No sé qué decir, la verdad. Quiero decir... Ha sido largo e intenso, al menos así lo he sentido yo. Dar un final a este proyecto puede parecer algo de lo más trivial, pero para alguien tan poco constante como yo es todo un logro haber tenido la dedicación suficiente como para terminar lo que empecé. Es reconfortante.
Quiero agradecer especialmente a mi kohai por las portadas y el tiempo que dedica a conversar conmigo de mis fanfics, no sé ni cómo me aguanta la maldita. También a todos los que han leído desde principio hasta el final, los que han votado cual buenas estrellitas —no tengo ni la más remota idea de lo que eso significa— y, cómo no, a los que comentan, ya que eso me anima muchísimo.

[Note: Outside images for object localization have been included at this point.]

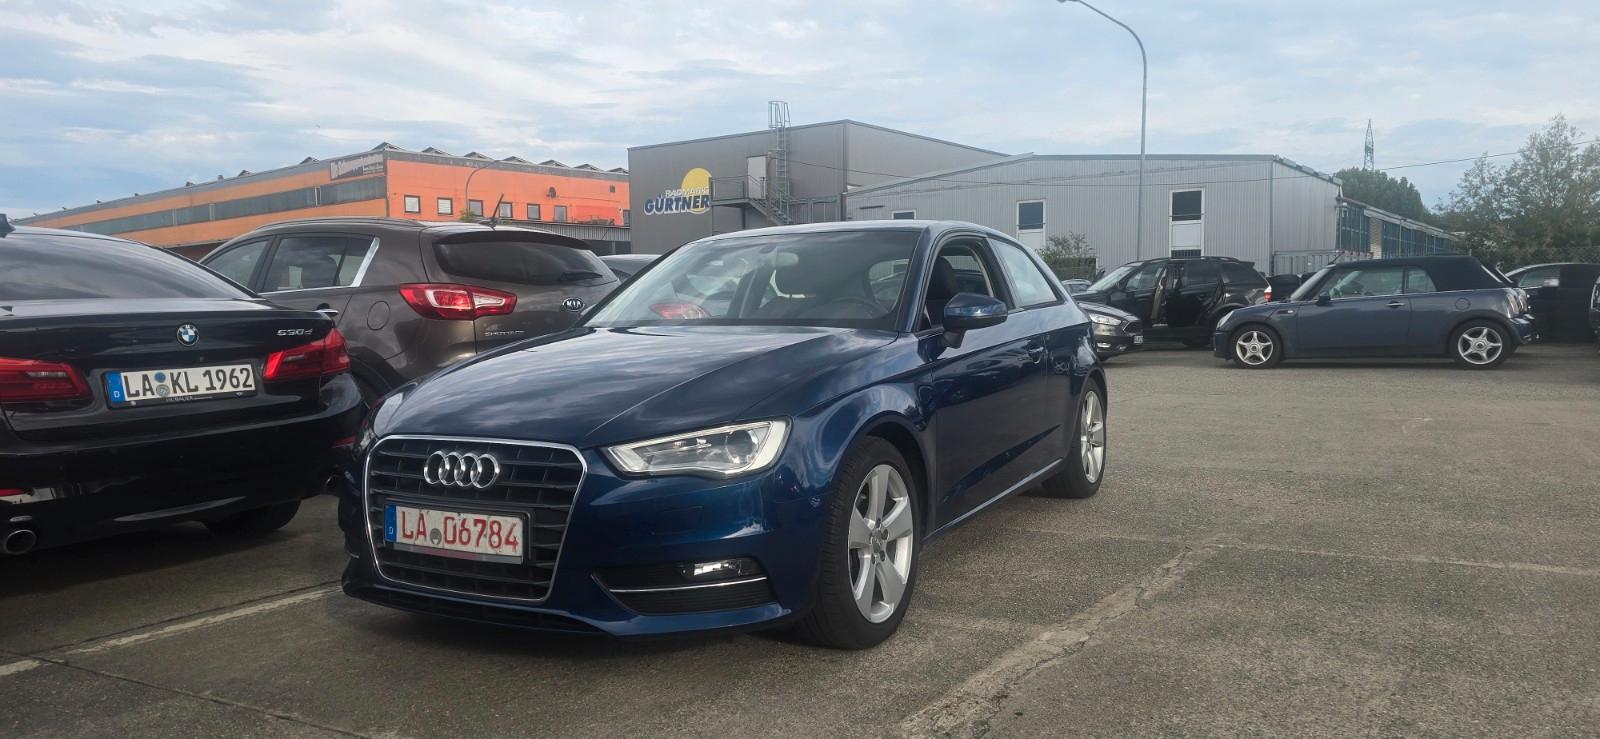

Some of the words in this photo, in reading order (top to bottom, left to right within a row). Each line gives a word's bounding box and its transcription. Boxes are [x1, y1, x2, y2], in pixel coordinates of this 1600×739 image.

[644, 194, 710, 215] GÜRTNER
[565, 300, 582, 310] KIA
[123, 374, 155, 398] LA
[169, 371, 199, 394] KL
[202, 367, 252, 391] 1962
[402, 511, 427, 541] LA
[443, 516, 519, 553] 06784
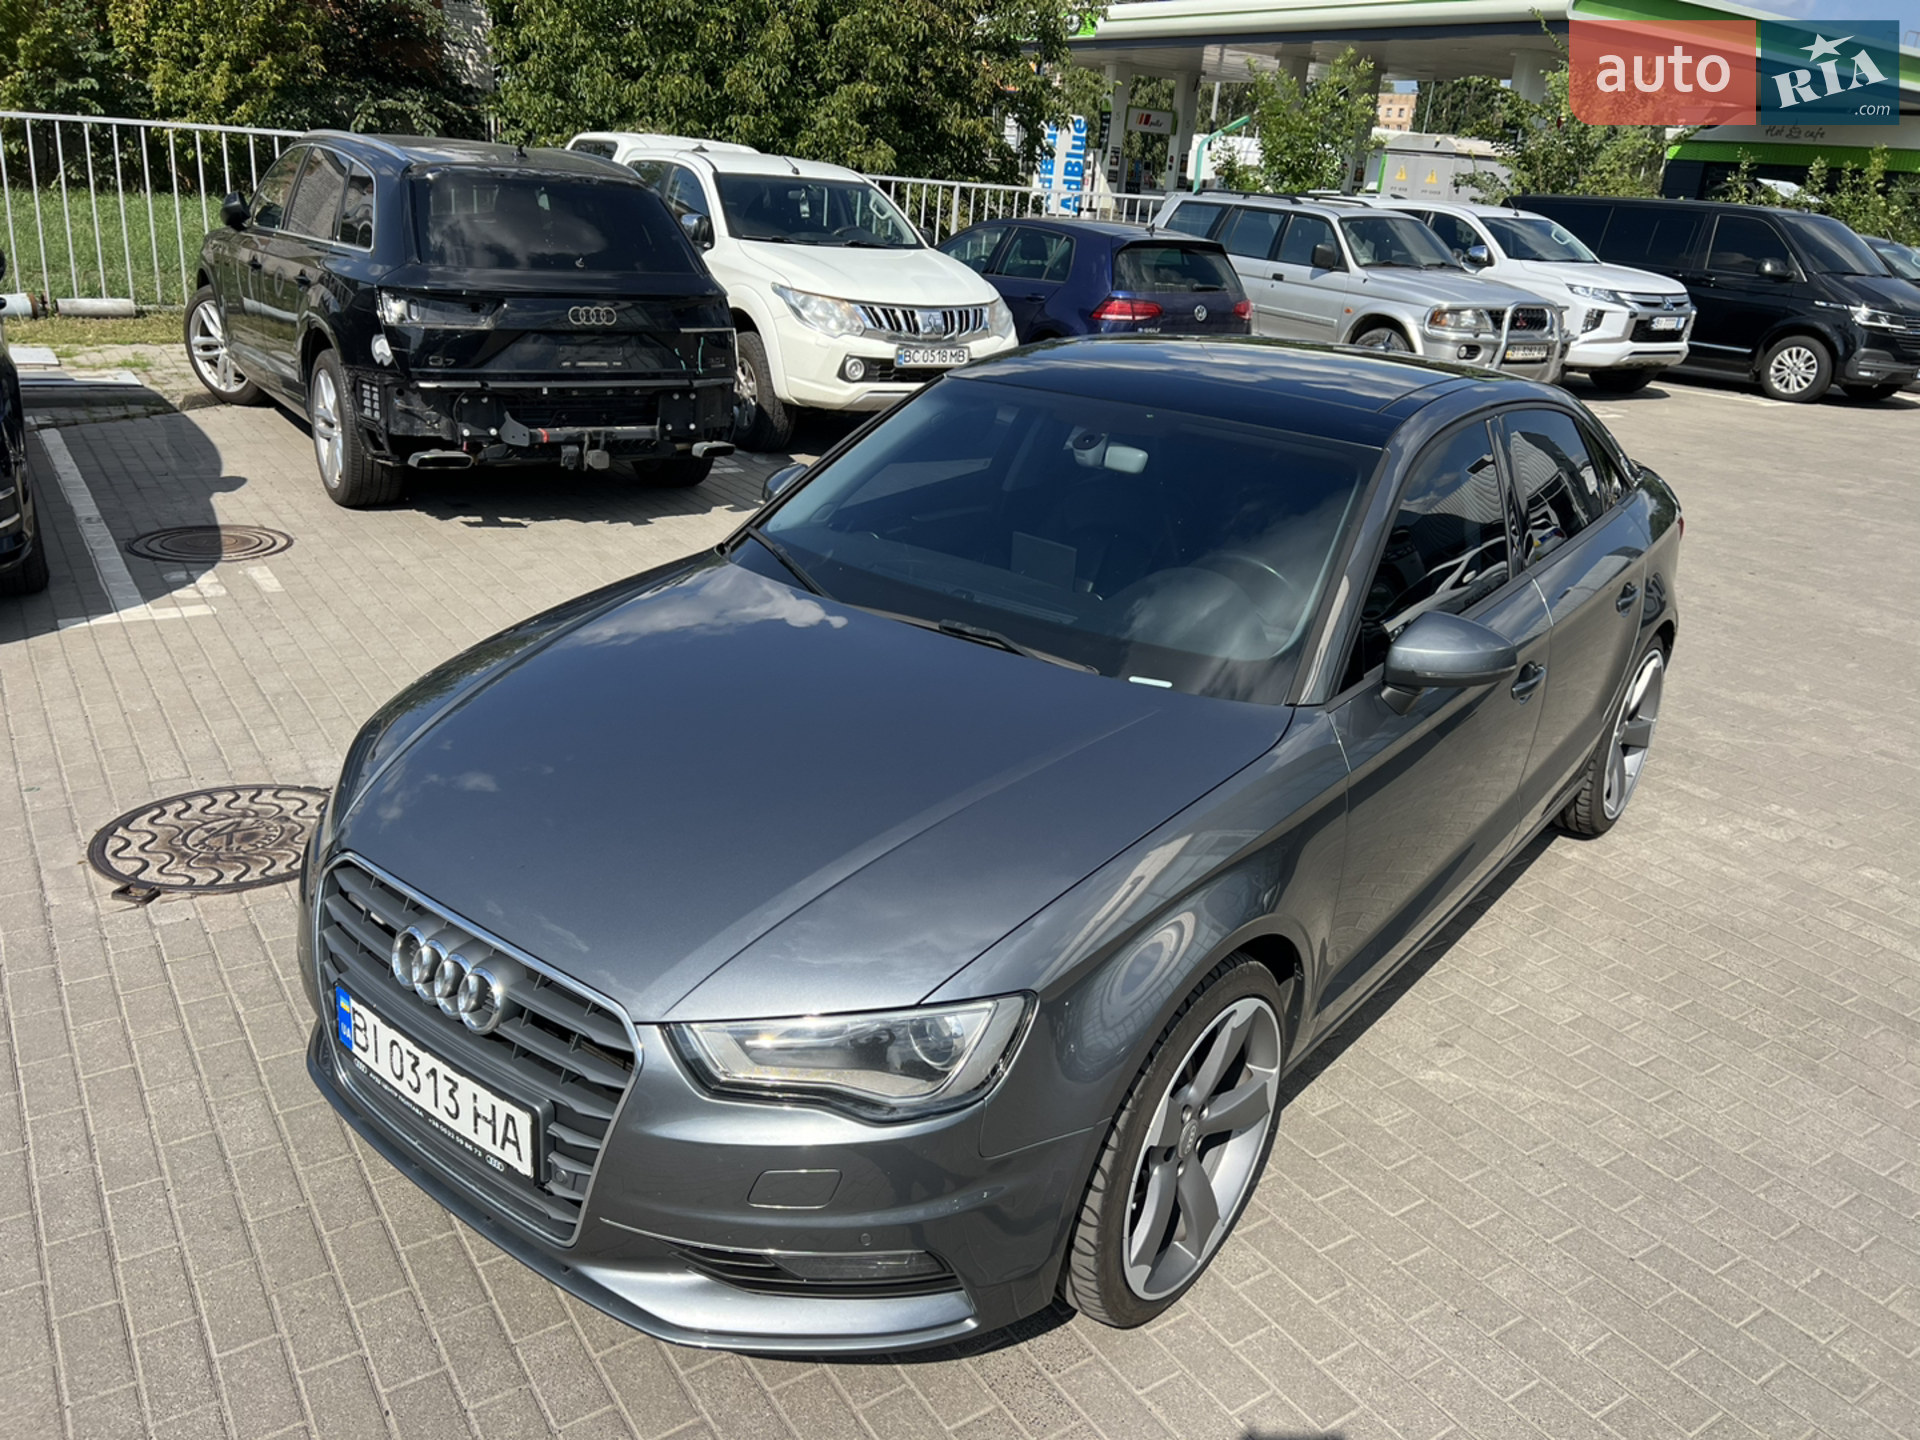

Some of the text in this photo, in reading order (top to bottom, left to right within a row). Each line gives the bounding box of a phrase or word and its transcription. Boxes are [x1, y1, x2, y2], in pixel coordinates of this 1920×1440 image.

[1765, 124, 1785, 138] Hot
[1060, 117, 1087, 214] AdBlue
[903, 349, 966, 364] BC 0518 MB
[340, 1022, 352, 1041] UA
[352, 1006, 523, 1164] BI 0313 HA

Hasta aquí hemos llegado, probablemente no sacaré un nuevo fanfic hasta dentro de unas semanitas, pero volveré. Como curiosidad diré que la apariencia de John está basada en Kenneth Branagh, aunque muchas de sus expresiones son típicas de Janik xD
¡Hasta el próximo fanfic! :D
PD: Esta historia tendrá una posible continuación. Tan tan taaan~
PD2: Editaré el fic en unos días, para corregir faltas ortografías y todo eso. Lo comento por si alguien lo quiere releer, qué sé yo, y para futuros lectores.